The PoGo is an intriguing concept — it attempts to marry the old instant-printing concept that made Polaroid a household name with the current reality of digital cameras. The printer is battery-powered and not much bigger than an iPhone. Like the original Polaroid cameras, the printer contains no ink. Images are derived by using special ZINK paper that has color crystals embedded in it.
You can directly print to a PoGo from any PictBridge-enabled digital camera via a USB connection. Similarly, you can print photos from most recent mobile phones, using Bluetooth. (Polaroid also makes a digital camera with a built-in PoGo printer, almost duplicating the old all-in-one Polaroid concept.)

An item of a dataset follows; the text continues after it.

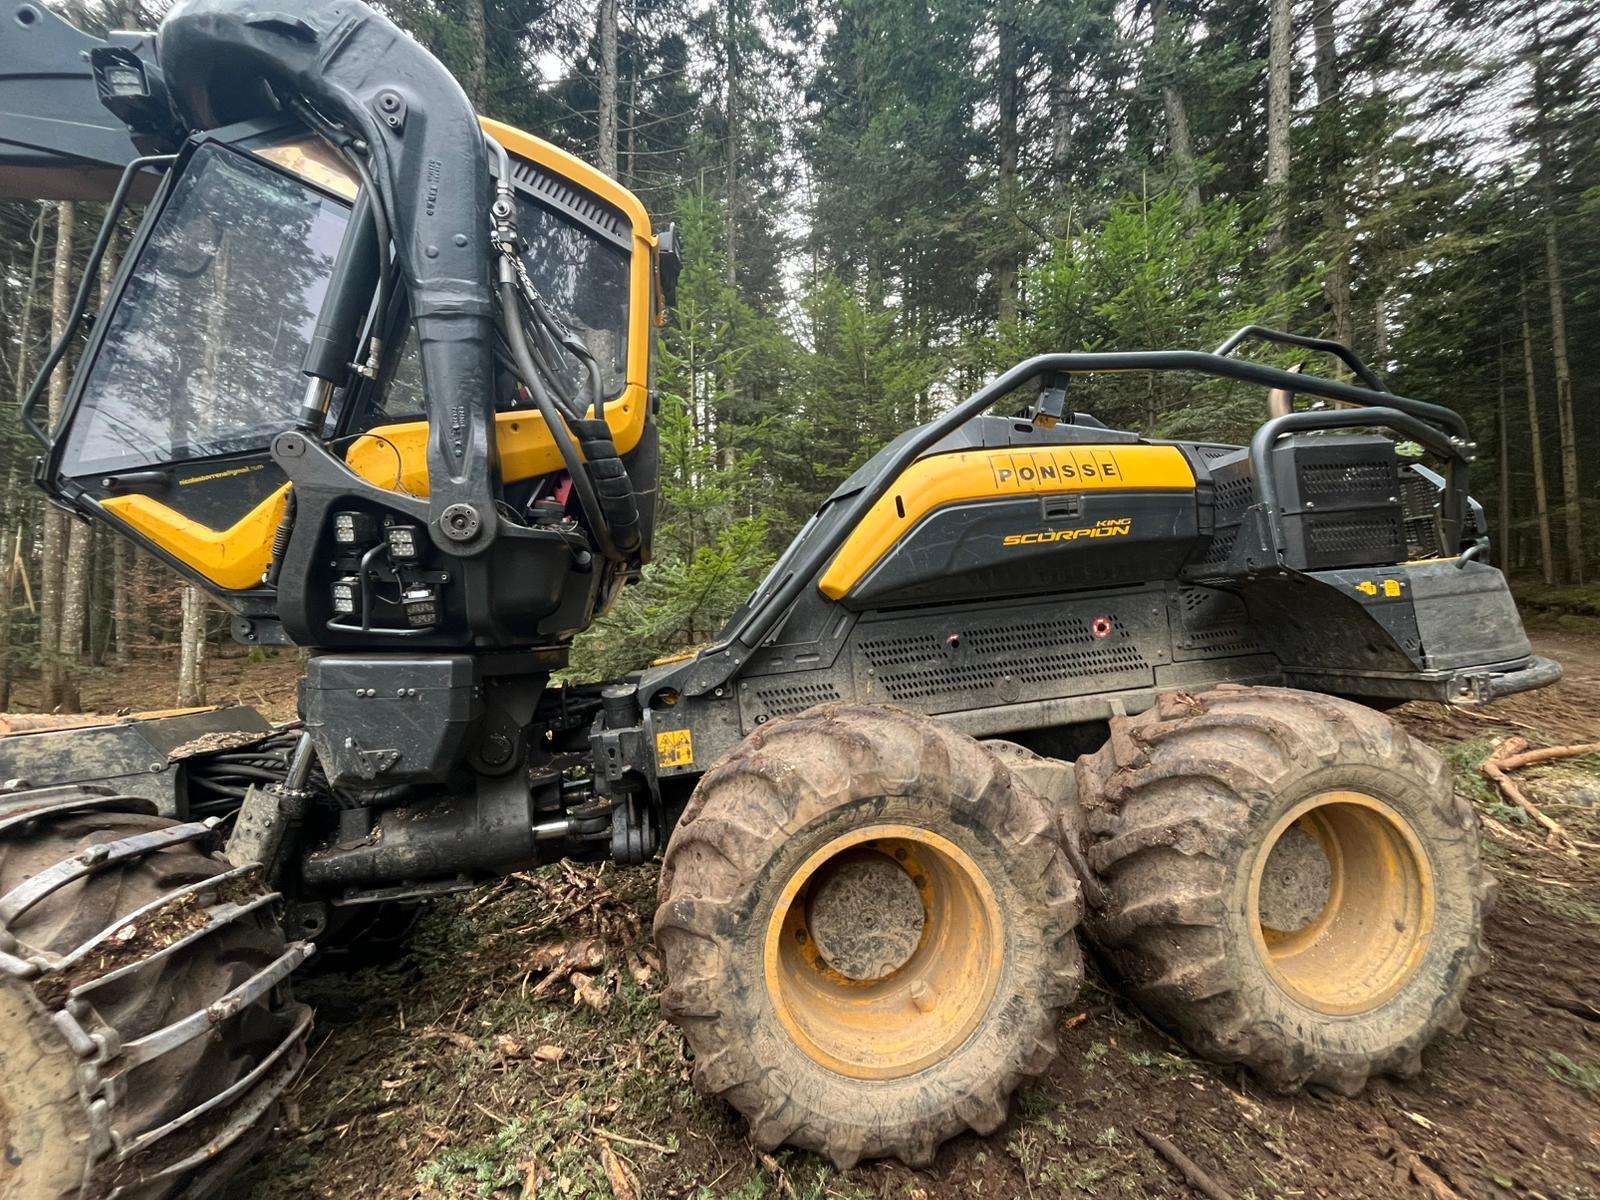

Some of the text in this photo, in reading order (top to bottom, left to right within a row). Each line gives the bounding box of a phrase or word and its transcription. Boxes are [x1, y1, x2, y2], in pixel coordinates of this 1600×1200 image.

The PoGo printer’s output is limited to 2×3 inch photos, which I suspect is smaller than most people will find satisfactory. Larger printers are coming later this year, but their increased size makes them less portable. A tough dilemma for Polaroid.
In my testing, the PoGo worked perfectly when printing from my Canon digital camera. Not surprisingly, the print quality was not as good as from my MP990, but it was good enough to be impressive — especially for its intended purpose of printing on-the-go.
PoGo and the iPhone
Printing from an iPhone to the PoGo was an entirely different story. The story being that I could not print from the iPhone to the PoGo at all. This is because (as I noted in my previous column), Apple has specifically blocked the iPhone from using the required Bluetooth data transfer protocols needed for printing.
Polaroid has posted a Web page where they ask supporters to “request that Apple consider enabling the Bluetooth transfer profile (OPP) in their phones.” Until that happens, there is not much else you can do. Some people have suggested that Polaroid should make an iPhone app specifically for printing to the PoGo. The problem is that even this would not work with the current iPhone OS — as long as process remained dependent on Bluetooth. The only potential work-around at this point is to jailbreak your iPhone, which opens up more Bluetooth options (for file sharing, printing, and even for Bluetooth keyboards!).
The Apple tablet, iPhone and printing
Along with the expected Apple tablet announcement next week, there are rumors that we will also get our first peek at iPhone OS 4.0. With some luck, the new OS will include a general printing solution, one that works for all types of documents for both the tablet and the iPhone. Maybe even one that broadens the OS’s Bluetooth capabilities. If not, I remain optimistic that such support will arrive eventually. Sooner or later, as demand for printing flexibility grows, Apple will find it in its financial interests to meet the demand.